• Instructions to follow: Each entry is to be reproduced verbatim, and images are to be omitted.

• Saved data entries:

^^^^^^^^

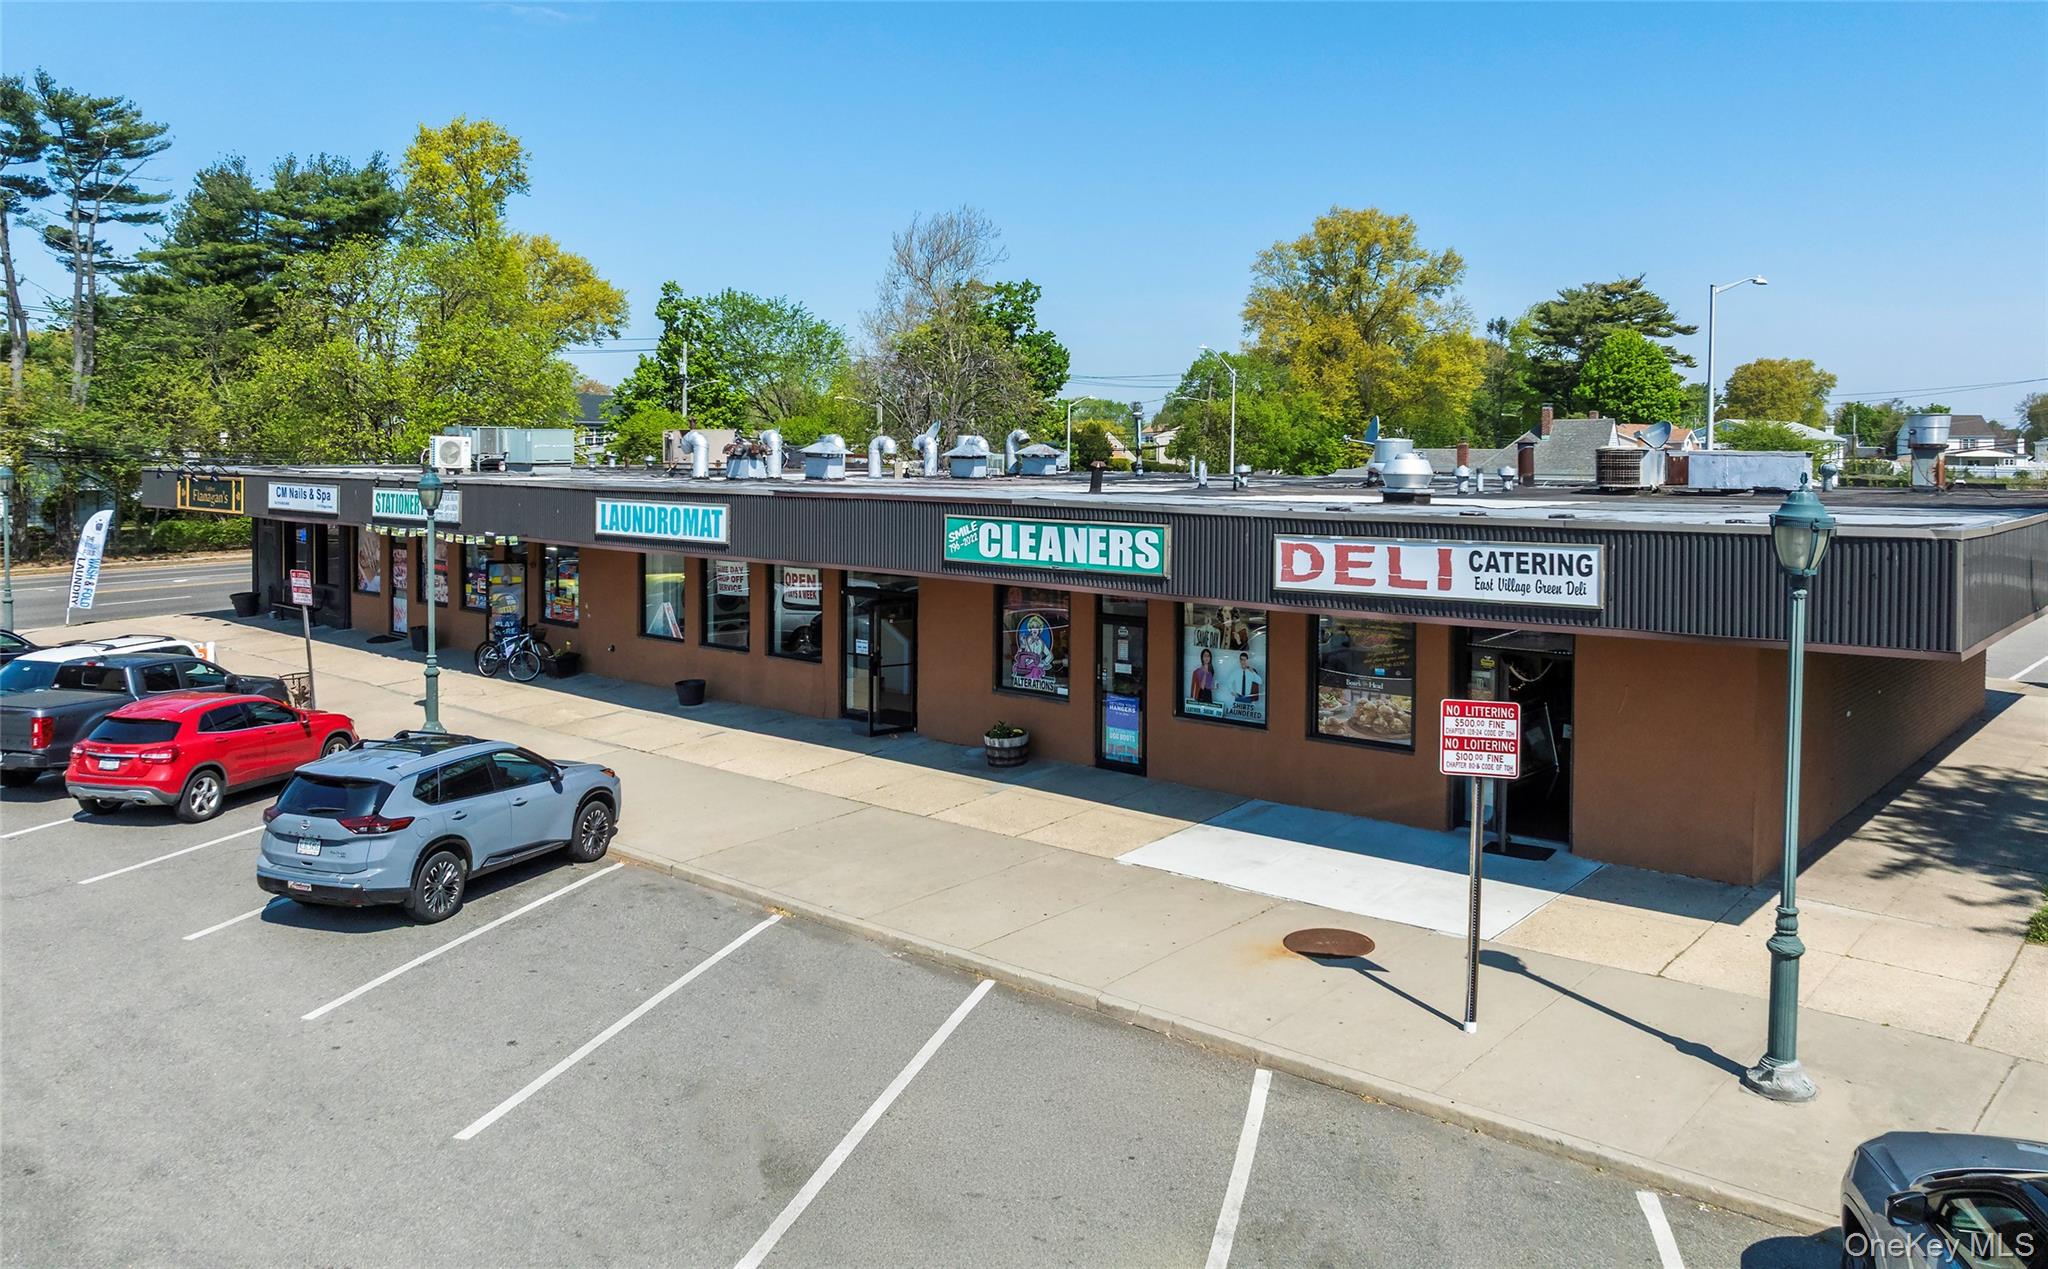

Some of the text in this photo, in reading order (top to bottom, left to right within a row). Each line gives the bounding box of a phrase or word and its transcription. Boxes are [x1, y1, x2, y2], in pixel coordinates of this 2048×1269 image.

[192, 489, 228, 507] Flanagan's
[276, 486, 331, 502] CM Nails & Spa
[600, 503, 723, 538] LAUNDROMAT
[948, 520, 978, 544] SMILE
[949, 532, 979, 554] 796-2022
[978, 522, 1160, 569] CLEANERS
[85, 558, 101, 580] WASH
[730, 566, 744, 574] DAY
[1280, 542, 1453, 591] DELI
[1468, 550, 1593, 577] CATERING
[71, 557, 86, 605] LAUNDRY
[731, 575, 744, 584] OFF
[785, 572, 816, 588] OPEN
[1474, 576, 1587, 596] East Village Green Deli
[80, 587, 93, 608] FOLD
[1013, 677, 1055, 691] ALTERATIONS
[1225, 708, 1262, 719] LAUNDERED
[1232, 702, 1254, 711] SHIRTS
[1446, 704, 1515, 719] NO LITTERING
[1455, 718, 1506, 729] $500.00 FINE
[1446, 727, 1466, 735] CHAPTER
[1484, 729, 1496, 737] CODE
[1445, 738, 1515, 752] NO LOITERING
[1446, 761, 1467, 769] CHAPTER
[1481, 763, 1494, 771] CODE
[1487, 754, 1504, 763] FINE
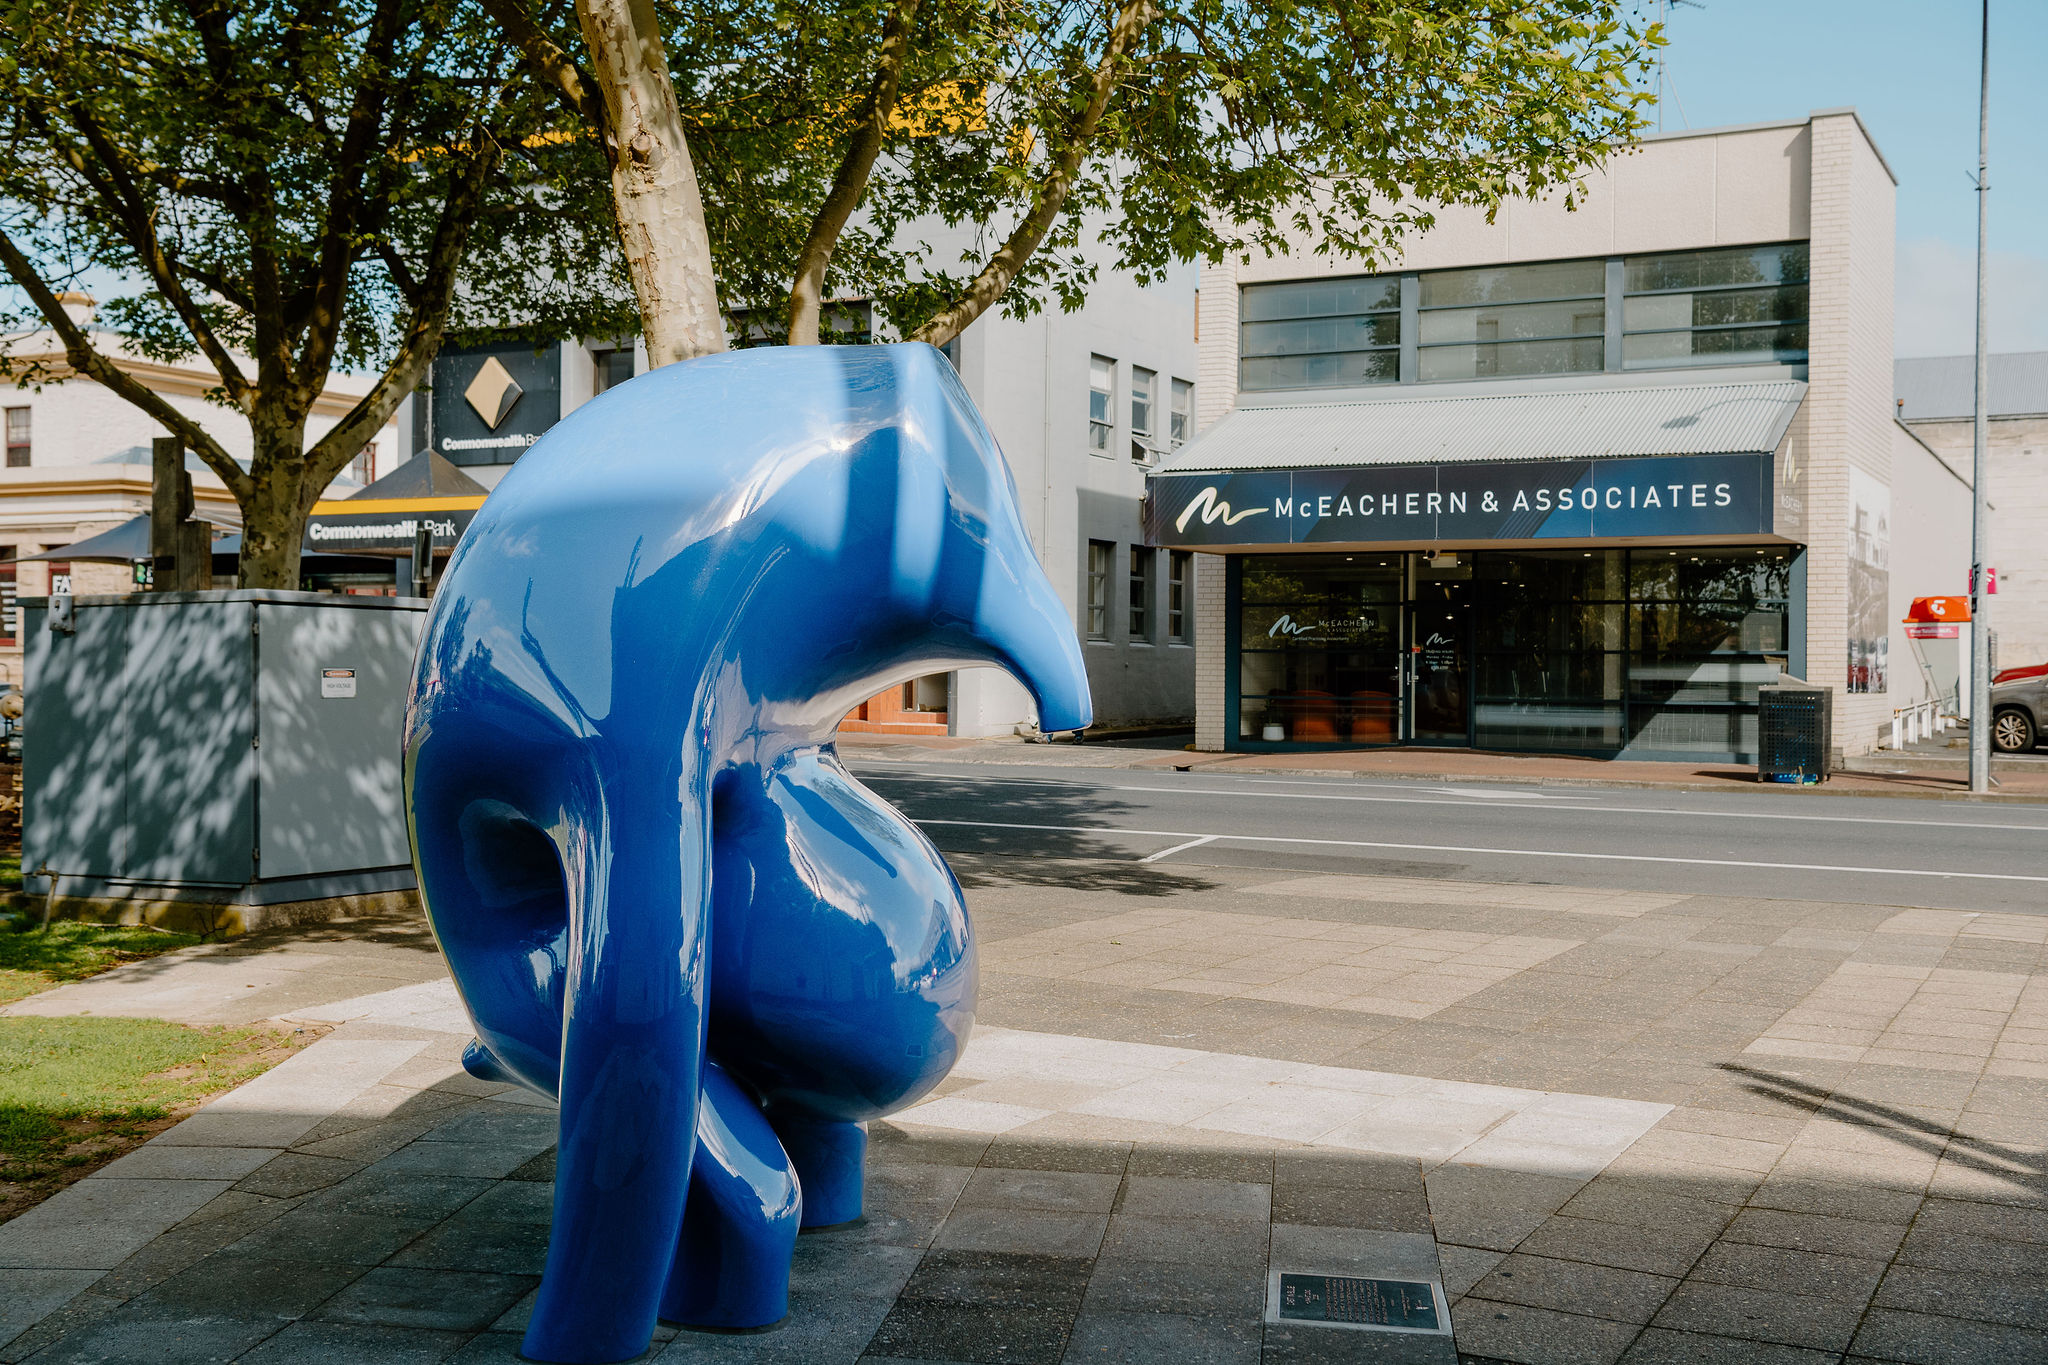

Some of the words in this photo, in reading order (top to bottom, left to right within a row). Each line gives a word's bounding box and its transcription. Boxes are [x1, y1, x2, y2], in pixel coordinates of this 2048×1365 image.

^^^^^^^^

• Result for this exercise:
Some of the text in this photo, in reading order (top to bottom, left to right within a row). Each line gives the bounding box of a phrase or word and its transcription. Boxes are [x1, y1, x2, y2], in pixel coordinates of this 2048×1269 image.

[192, 489, 228, 507] Flanagan's
[276, 486, 331, 502] CM Nails & Spa
[600, 503, 723, 538] LAUNDROMAT
[948, 520, 978, 544] SMILE
[949, 532, 979, 554] 796-2022
[978, 522, 1160, 569] CLEANERS
[85, 558, 101, 580] WASH
[730, 566, 744, 574] DAY
[1280, 542, 1453, 591] DELI
[1468, 550, 1593, 577] CATERING
[71, 557, 86, 605] LAUNDRY
[731, 575, 744, 584] OFF
[785, 572, 816, 588] OPEN
[1474, 576, 1587, 596] East Village Green Deli
[80, 587, 93, 608] FOLD
[1013, 677, 1055, 691] ALTERATIONS
[1225, 708, 1262, 719] LAUNDERED
[1232, 702, 1254, 711] SHIRTS
[1446, 704, 1515, 719] NO LITTERING
[1455, 718, 1506, 729] $500.00 FINE
[1446, 727, 1466, 735] CHAPTER
[1484, 729, 1496, 737] CODE
[1445, 738, 1515, 752] NO LOITERING
[1446, 761, 1467, 769] CHAPTER
[1481, 763, 1494, 771] CODE
[1487, 754, 1504, 763] FINE

Some of the words in this photo, in reading order (top to bottom, left to right within a row). Each line gives a word's bounding box and its transcription. Boxes are [x1, y1, x2, y2], in pixel coordinates of this 2048×1365 image.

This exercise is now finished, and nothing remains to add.